Complete self-hosted AI stack: Ollama + Open WebUI + MinIO + Caddy

You can have a private ChatGPT alternative, with models that never leave your network, on a server you already own. It takes four open-source components and a single docker-compose.yml. Everything runs comfortably on a machine with 16 GB of RAM and a 50 GB SSD.

The four components

Ollama is the engine that downloads and runs LLM models locally. It exposes an OpenAI-compatible REST API on localhost:11434. It supports Qwen2.5, Llama 3.3, Mistral, Gemma 3, and dozens of others.

Open WebUI is the chat interface that connects to Ollama. It has the same UX as ChatGPT, handles multiple conversations, supports document uploads, and integrates with S3-compatible storage (so with MinIO).

MinIO is self-hosted S3-compatible object storage. You use it to upload company documents and run Q&A on them via RAG, without files ever leaving the server.

Caddy acts as a reverse proxy with automatic HTTPS. It exposes Open WebUI and the MinIO console on domains with Let’s Encrypt certificates, without touching certbot.

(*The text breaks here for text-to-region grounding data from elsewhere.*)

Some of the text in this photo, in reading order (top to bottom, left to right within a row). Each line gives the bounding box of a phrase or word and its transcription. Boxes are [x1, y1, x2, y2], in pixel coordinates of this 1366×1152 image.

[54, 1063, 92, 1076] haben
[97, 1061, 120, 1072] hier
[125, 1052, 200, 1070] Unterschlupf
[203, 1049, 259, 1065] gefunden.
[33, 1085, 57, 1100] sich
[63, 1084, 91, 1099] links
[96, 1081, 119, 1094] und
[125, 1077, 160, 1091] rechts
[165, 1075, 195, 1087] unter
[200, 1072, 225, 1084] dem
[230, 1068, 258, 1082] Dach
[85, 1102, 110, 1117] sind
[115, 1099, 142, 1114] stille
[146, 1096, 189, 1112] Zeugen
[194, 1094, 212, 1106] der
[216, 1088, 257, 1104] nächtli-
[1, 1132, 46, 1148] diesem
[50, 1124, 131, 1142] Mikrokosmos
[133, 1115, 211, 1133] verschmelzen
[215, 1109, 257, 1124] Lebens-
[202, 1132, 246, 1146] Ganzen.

The complete docker-compose.yml

services:
  ollama:
    image: ollama/ollama:latest
    volumes:
      - ollama_data:/root/.ollama
    ports:
      - "11434:11434"
    networks:
      - ai-stack

  open-webui:
    image: ghcr.io/open-webui/open-webui:main
    environment:
      - OLLAMA_BASE_URL=http://ollama:11434
      - STORAGE_PROVIDER=s3
      - S3_ENDPOINT_URL=http://minio:9000
      - S3_ACCESS_KEY=admin
      - S3_SECRET_KEY=password123
      - S3_BUCKET_NAME=open-webui
    depends_on:
      - ollama
      - minio
    networks:
      - ai-stack

  minio:
    image: minio/minio:latest
    command: server /data --console-address ":9001"
    environment:
      - MINIO_ROOT_USER=admin
      - MINIO_ROOT_PASSWORD=password123
    volumes:
      - minio_data:/data
    ports:
      - "9000:9000"
      - "9001:9001"
    networks:
      - ai-stack

  caddy:
    image: caddy:2-alpine
    ports:
      - "80:80"
      - "443:443"
    volumes:
      - ./Caddyfile:/etc/caddy/Caddyfile
      - caddy_data:/data
    networks:
      - ai-stack

networks:
  ai-stack:

volumes:
  ollama_data:
  minio_data:
  caddy_data:

A minimal Caddyfile to expose the two public services:

chat.example.com {
    reverse_proxy open-webui:8080
}

storage.example.com {
    reverse_proxy minio:9001
}

Prerequisites and first run

Minimum server: Ubuntu 22.04 or 24.04, 16 GB RAM, 50 GB free SSD. If you have an Nvidia GPU, add deploy.resources.reservations.devices to the Ollama service for CUDA — but even CPU-only, Qwen2.5-7B responds in 3–5 seconds per message.

After docker compose up -d, pull the first model:

docker exec -it <ollama-container-name> ollama pull qwen2.5:7b

Or do it directly from the Open WebUI interface under Settings → Models. The model weighs about 4.7 GB, downloads once, and stays in the ollama_data volume.

RAG with company documents

Open WebUI connects to MinIO via the S3 environment variables already in your compose file. Create an open-webui bucket from the MinIO console at storage.example.com, then from Open WebUI go to Workspace → Knowledge, upload your PDFs, and enable the Knowledge Base in a new conversation.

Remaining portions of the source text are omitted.